Former Chief Prosecutor for the Guantanamo Bay military commissions Col. Morris Davis (Ret.), who is currently suing the Library of Congress alleging he was fired for writing op-eds critical of the decision to revive Bush-era military commissions for Gitmo detainees, slams the administration over remarks he argues compromised the integrity of two high-profile trials. President Obama commenting on the guilt or innocence of Khalid Sheik Mohammed and Bradley Manning, Morris says, harms their ability to get a fair hearing:
Will the attorneys and the judges exercise independent professional judgment, or will independence bend to the express will of their superiors?
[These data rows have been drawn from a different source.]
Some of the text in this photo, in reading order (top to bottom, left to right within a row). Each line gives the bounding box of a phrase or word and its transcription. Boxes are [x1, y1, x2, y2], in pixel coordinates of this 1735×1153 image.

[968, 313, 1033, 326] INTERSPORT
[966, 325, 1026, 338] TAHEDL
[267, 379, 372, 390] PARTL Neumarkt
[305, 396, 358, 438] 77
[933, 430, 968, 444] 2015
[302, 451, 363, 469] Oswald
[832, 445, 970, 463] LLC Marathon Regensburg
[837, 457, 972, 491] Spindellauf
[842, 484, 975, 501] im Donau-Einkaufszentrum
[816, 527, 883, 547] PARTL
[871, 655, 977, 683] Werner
Will the officers on the board at Mohammed's military commission deliberate over the law and evidence, or will they just do what the administration expects them to do? Will we be able to tell now that the administration has made its position public?
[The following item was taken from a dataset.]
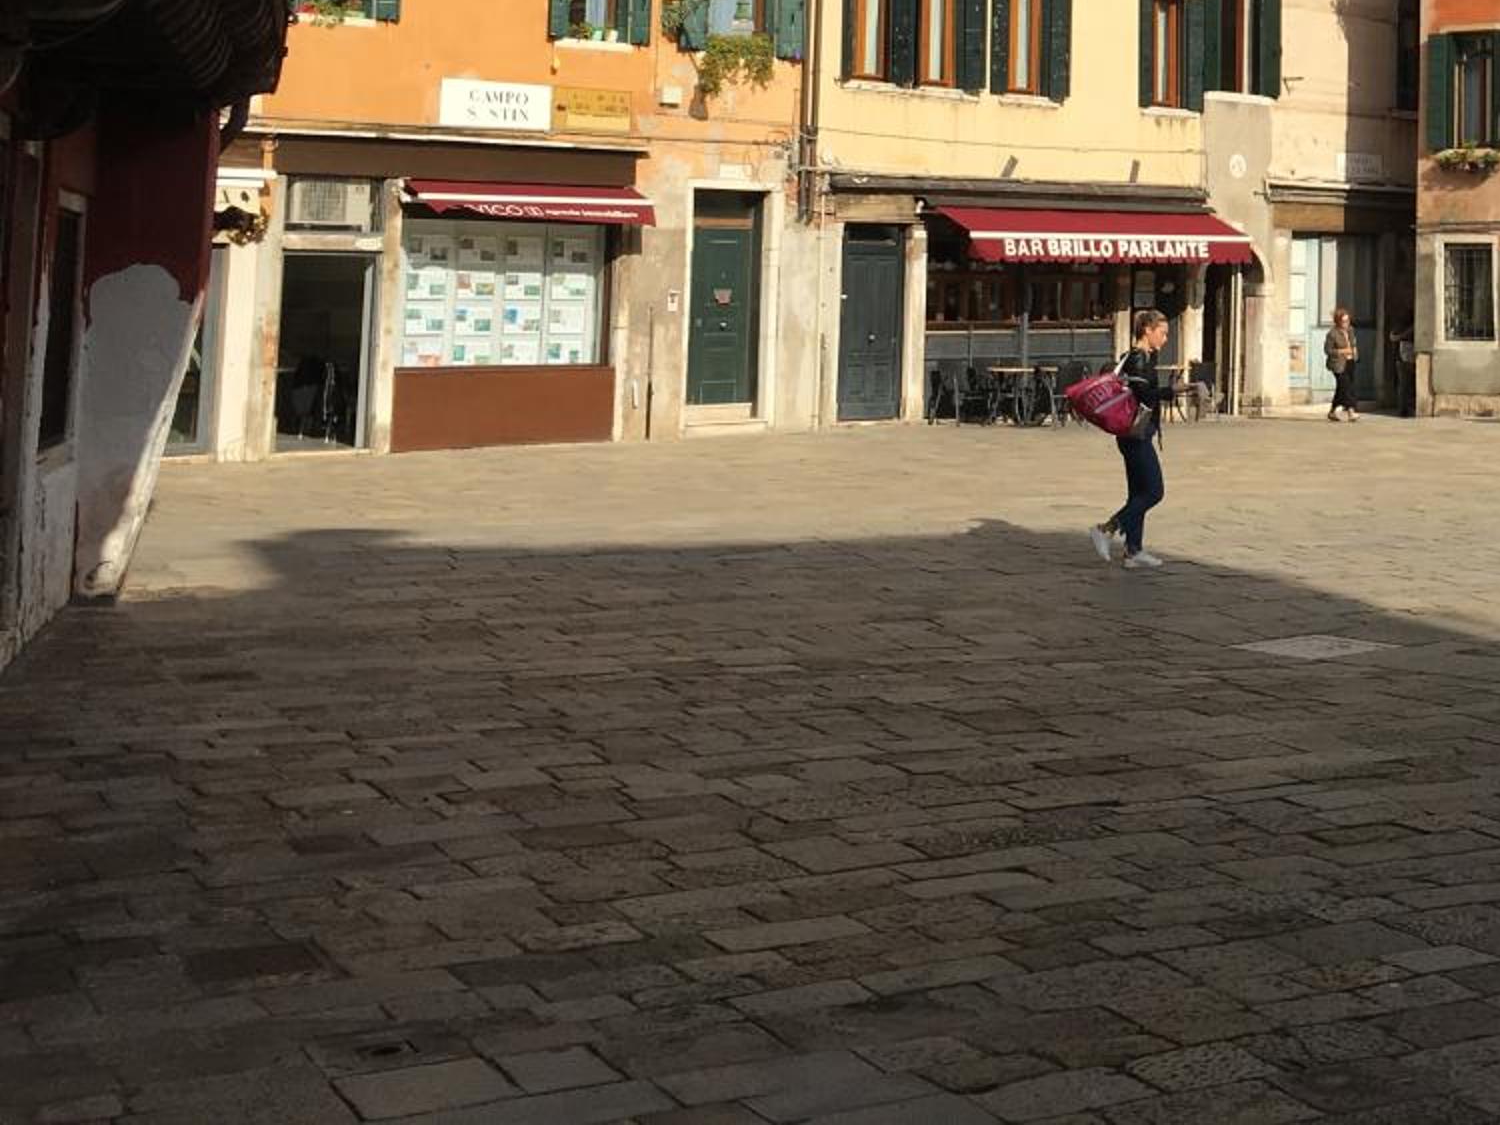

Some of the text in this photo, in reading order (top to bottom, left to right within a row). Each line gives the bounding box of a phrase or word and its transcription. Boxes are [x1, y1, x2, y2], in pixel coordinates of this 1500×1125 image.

[468, 89, 529, 105] CAMPO
[1004, 238, 1210, 258] BAR BRILLO PARLANTE
Pandering, hubris and contempt for "quaint" legal principles are as unacceptable in the current administration as they were in the last. It is the notorious cases with unsympathetic defendants such as Manning and Mohammed where America's example speaks loudest. These trials will say as much about us as it does about them.
When the judicial process becomes a stage for political theater — when justice appears to be scripted rather than blind — we have lost sight of the values we purport to be fighting to defend.
I wouldn't go as far as Davis, but I do think the president should refrain from commenting on the guilt or innocence of the accused, particularly in high-profile cases like the two he's citing.